— А наш альмарин-то вот как пошел, может слышали…2
Тут Максимушка Кожевников в Белоярке проживал. Был он небогатый мужик, смолу гнал. Казны Максимушка не нажил, а ребят нажил полну избу. Он на то не жалобился, удачи не искал, да удача ему сама далась. Только Максимушка больно прост оказался, по простоте своей не исхитрился.

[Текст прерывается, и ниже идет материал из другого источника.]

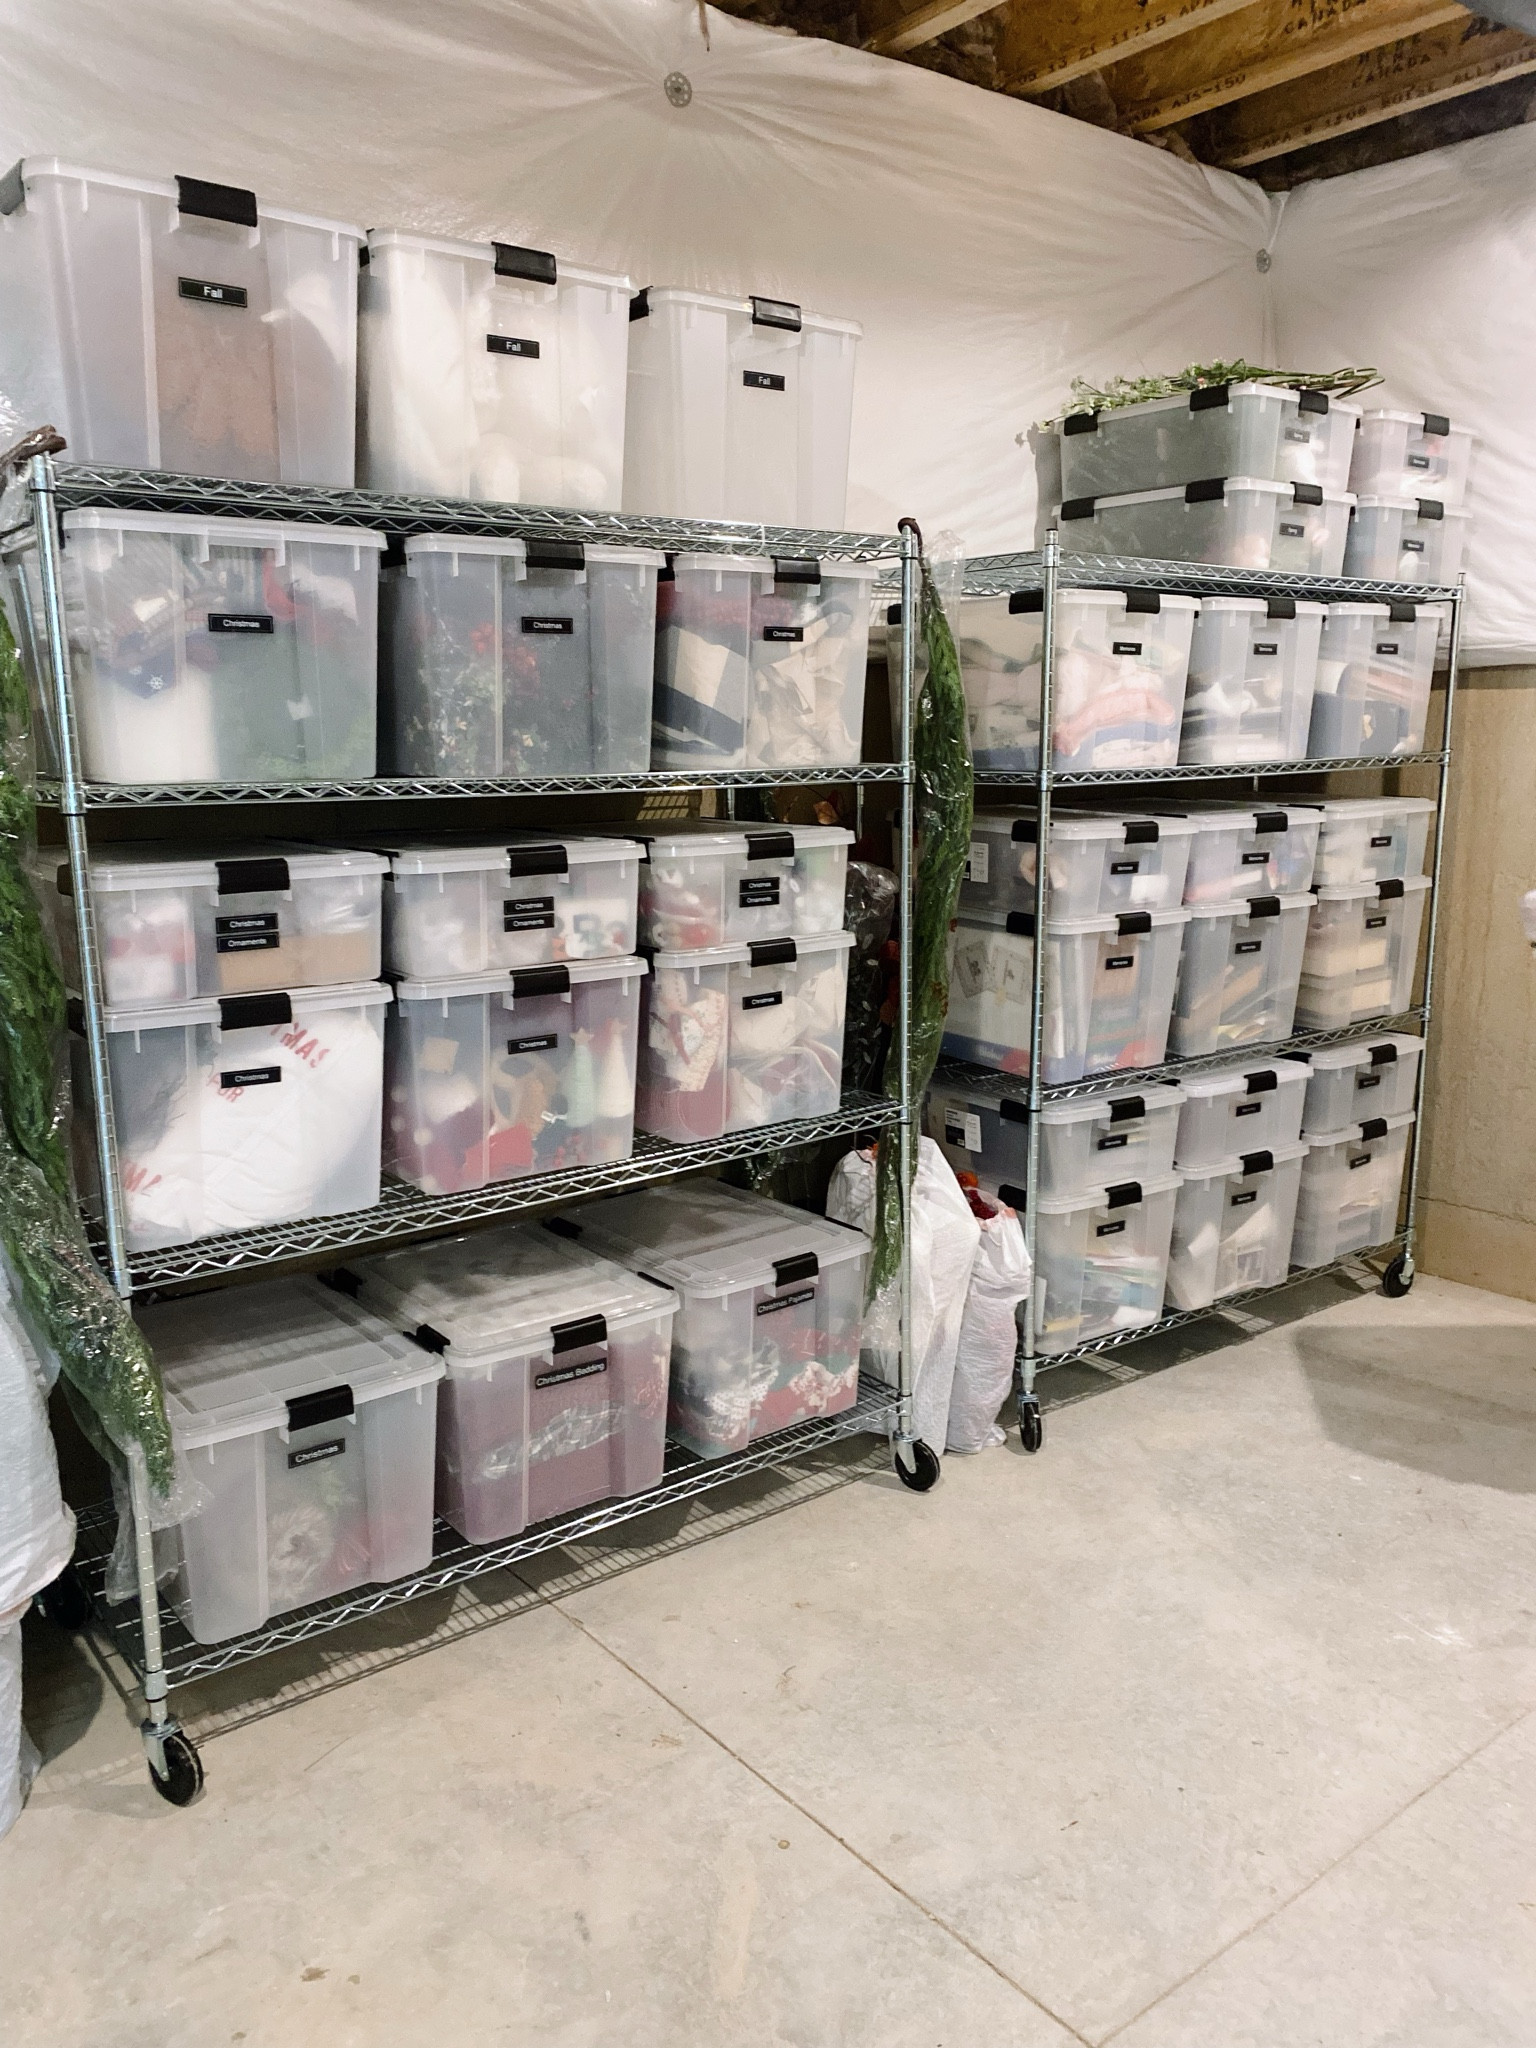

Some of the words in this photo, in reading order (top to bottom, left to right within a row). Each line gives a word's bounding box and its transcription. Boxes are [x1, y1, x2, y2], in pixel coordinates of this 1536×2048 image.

Колись поехал Максимушка на лошади в тайгу за смольем. Зимой, сказывают, то было. Глядит, на выворотке сосновом, на сохлом коренье камешки висят зеленые, светлые такие. И много их. Думай так, что по лесу зелень зимой процветает, солнышку радуется. Дивно стало Максимушке на такую красоту. Обобрал он камешки, сколь их было, поклал в гончаринку из-под каши, дома ребятишкам на забаву отдал. Он прост душой был, не понял божьей милости-подмоги.
В то время случись пурга, а барин какой ни есть из сибирской стороны в Катеринбург ехал. Он в кошевке пообмерз и просится к Максимушке на постоялое.
Максимушка говорит:
«Изба-то из нашей сосны рублена, нашей березкой топлена, нашим хлебушком сыта. Ночуй в тепле».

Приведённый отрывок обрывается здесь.